The firing claimed 2 infantry stands and an RPG stand to leave the Schutzen company decidedly shaky.
The 2 Shilkas fell to the firepower of the Leopard 2s.
Short and sweet it was over to the East Germans to make one, last heroic push to displace the Dutch.
It all came down to the tussle around the centre objective. The T-55 Battalion Commander came out and round the smoking hulls of his formation and planted himself next to the Leopard 2s. While the Schutzen platoon made their Last Stand check.
The East German Schutzen troops were within 4″ of the Leopards so didn’t move ready for the assault. The Spandrels tried to redeploy but the fields proved too difficult to navigate.
The firing phase was a bit of damp squib so Lee moved on to the assault phase. The last 2 infantry leapt from the treeline and missed their targets but the men from the Netherlands still needed to motivate or else be driven from the objective at the 11th hour.
With the resounding roll of a 5, the tankers from Holland redoubled their efforts destroying both stands and maintaining their tentative grip on the objective.
At that point, Lee’s formation had broken and we called the game.
The Leopard 2 is a beast of a tank but the Morale 4+ and 2 tank pelotons in the Verkennings Eskadron mean you never feel comfortable when you are taking fire. I got pretty lucky with the Spandrels – yes they are fishing for 1s but they are such a low priority threat overall that you kind of just have to take it which is a bit unsettling.
Being outnumbered meant that sometimes there are no good choices – either the T-55s or the infantry or the Spandrels will have a flank. Lee was doing a pretty good job of making me have to make choices every turn and sometimes that is all you can do to your opponent – let them make the mistake.

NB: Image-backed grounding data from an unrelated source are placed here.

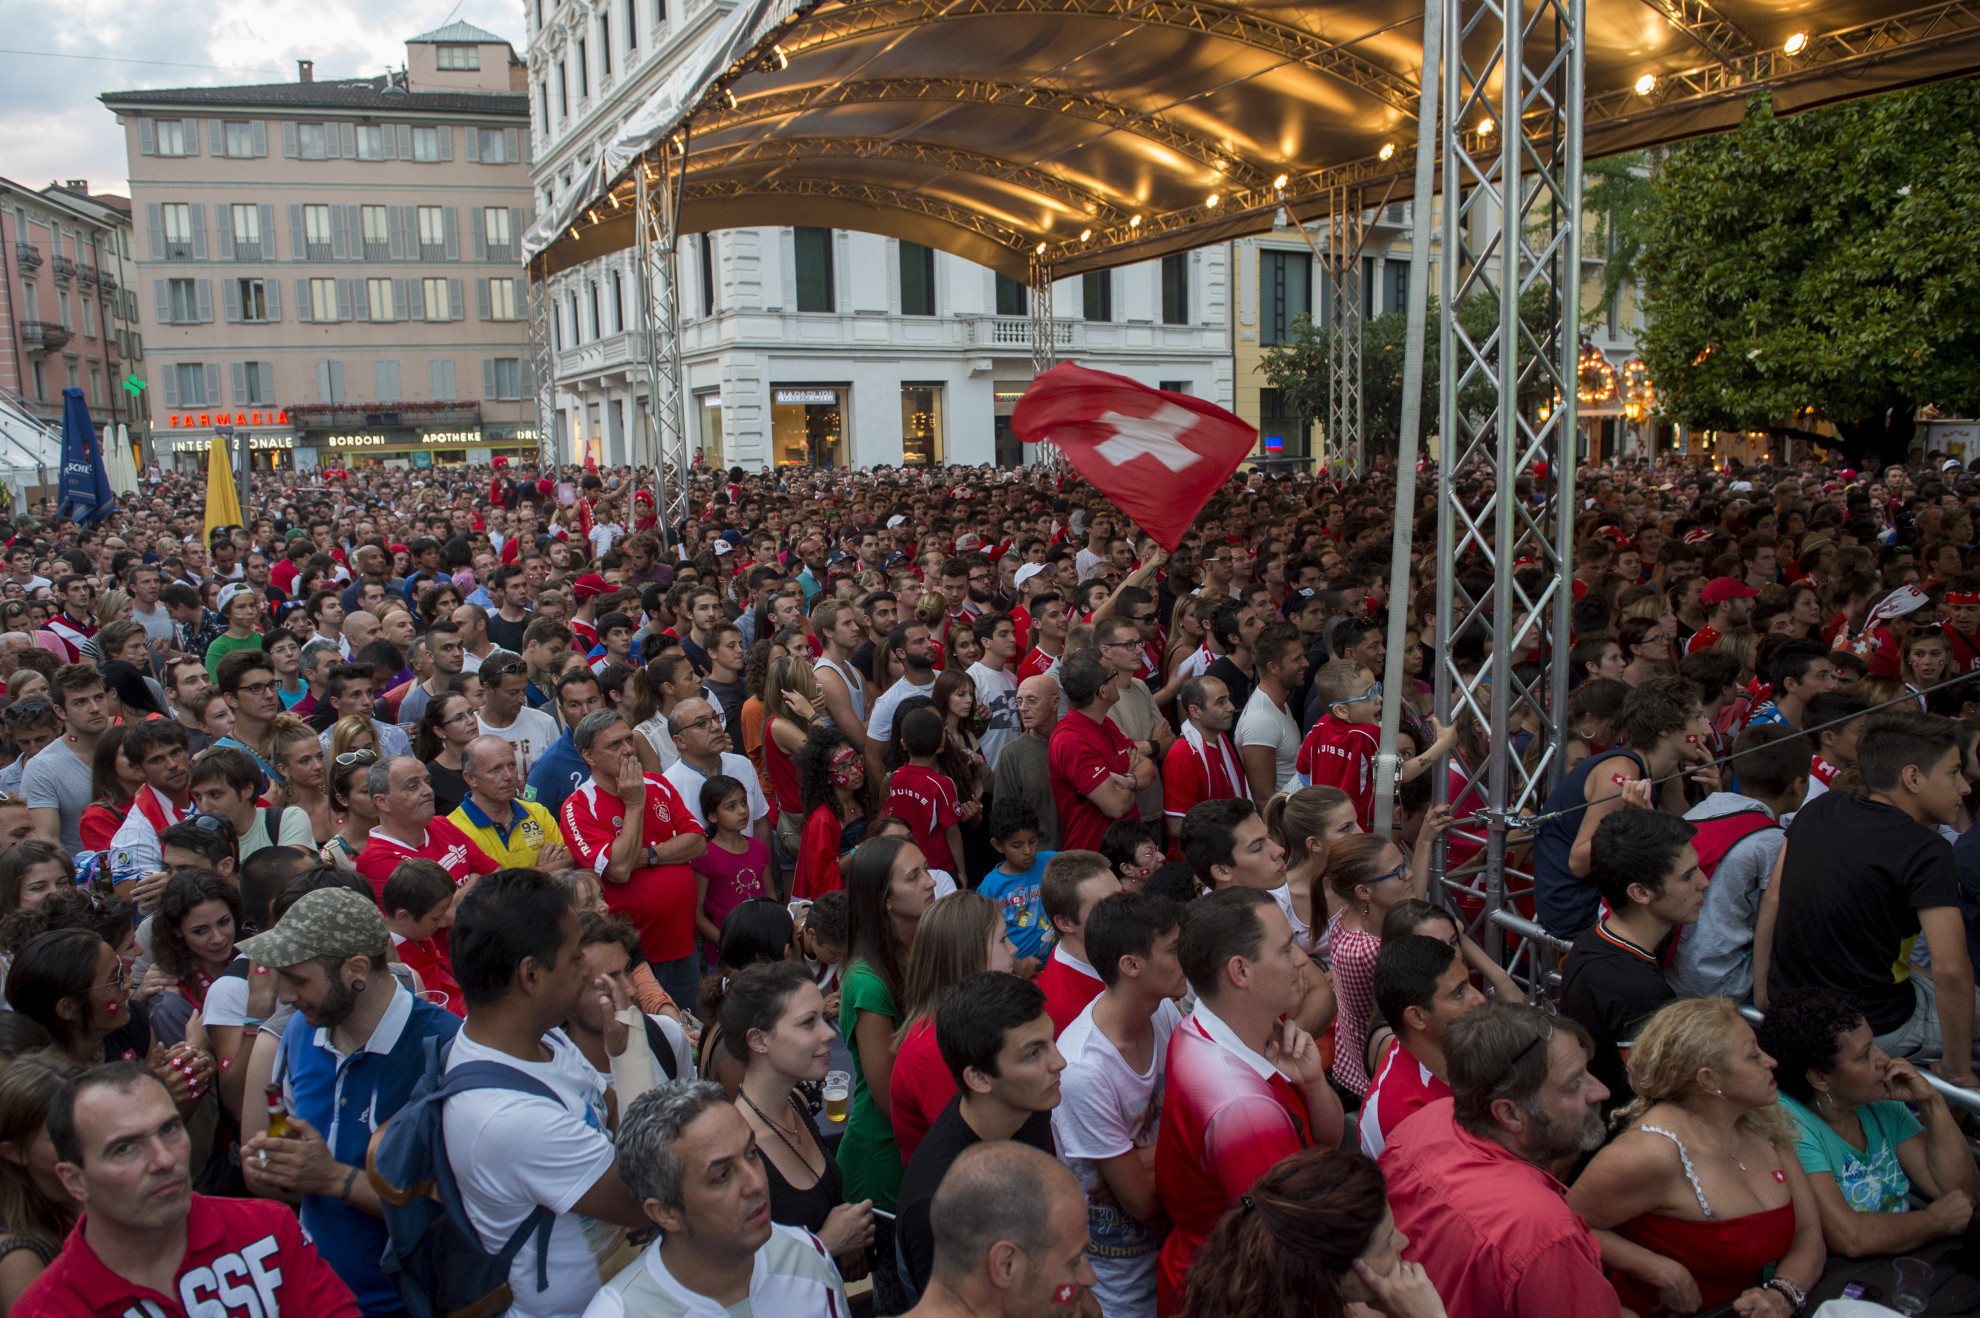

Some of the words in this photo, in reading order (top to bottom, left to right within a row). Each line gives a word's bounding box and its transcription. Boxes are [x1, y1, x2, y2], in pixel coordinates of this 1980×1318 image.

[170, 411, 288, 427] FARMACIA
[328, 435, 385, 446] BORDONI
[422, 432, 481, 443] APOTHEKE
[517, 430, 546, 440] DRU
[172, 437, 293, 452] INTERZONALE
[891, 788, 929, 806] SUISSE
[521, 820, 539, 833] 93
[1099, 1208, 1114, 1222] 20
[1098, 1222, 1112, 1235] 27
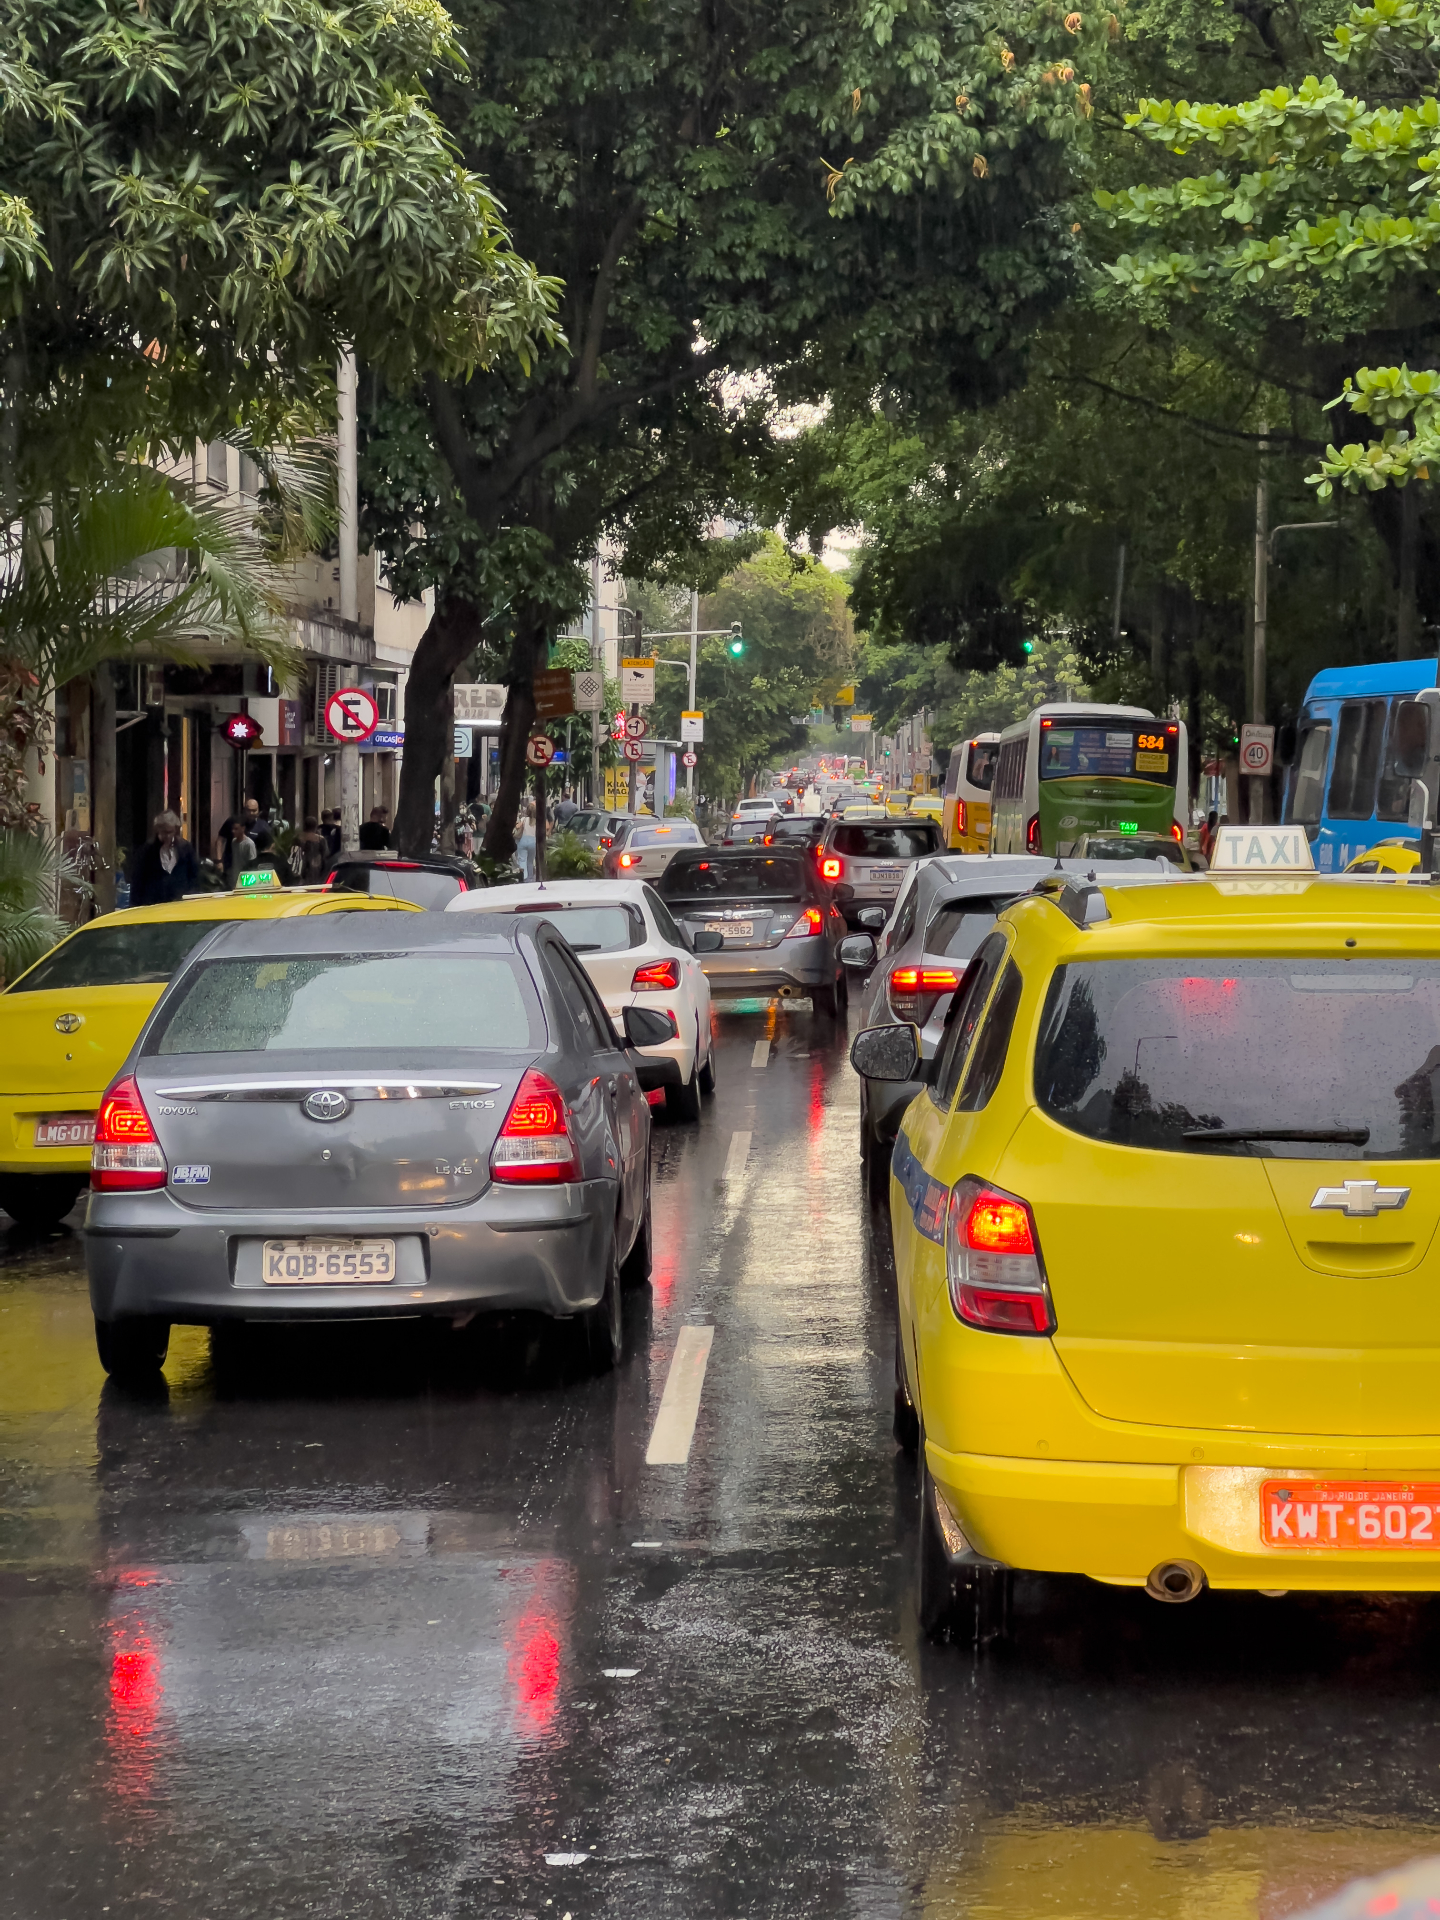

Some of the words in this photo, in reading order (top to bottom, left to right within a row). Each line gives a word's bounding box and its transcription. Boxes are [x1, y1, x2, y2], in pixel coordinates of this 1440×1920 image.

[1138, 734, 1165, 750] 584
[1248, 746, 1264, 760] 40
[1120, 822, 1139, 831] TAXI
[1225, 835, 1300, 865] TAXI
[449, 1100, 496, 1110] ETIOS
[158, 1106, 198, 1116] TOYOTA
[1358, 1492, 1369, 1501] DE
[1372, 1492, 1414, 1501] JANEIRO

I was lucky with the Leopards in the first turn – giving the T-72s a free potshot was silly. I was even luckier that my other peloton of Leopards wasn’t swamped and destroyed where it ended up coming on. The Counter Attack scenario really allows the attacked to take advantage of Spearhead and Lee did that to the maximum.
The Triallieur infantry was a godsend – giving me a solid unit to anchor my line on but if Lee had managed to get in with more than a single T-55 it could have been very different.
The 6″ x 4″ table gave us plenty of room to manoeuvre in and I would definitely recommend trying 50pts games on this size of table and seeing if it feels less claustrophobic and cramped.
It’s on to the next 25pts now and I’m still debating what and how to evolve this list – there are some PRTL Pantserluchtdoel on the painting table and some YP-765 IFVs so maybe I can use this as the genesis of a Leopard 2 peloton.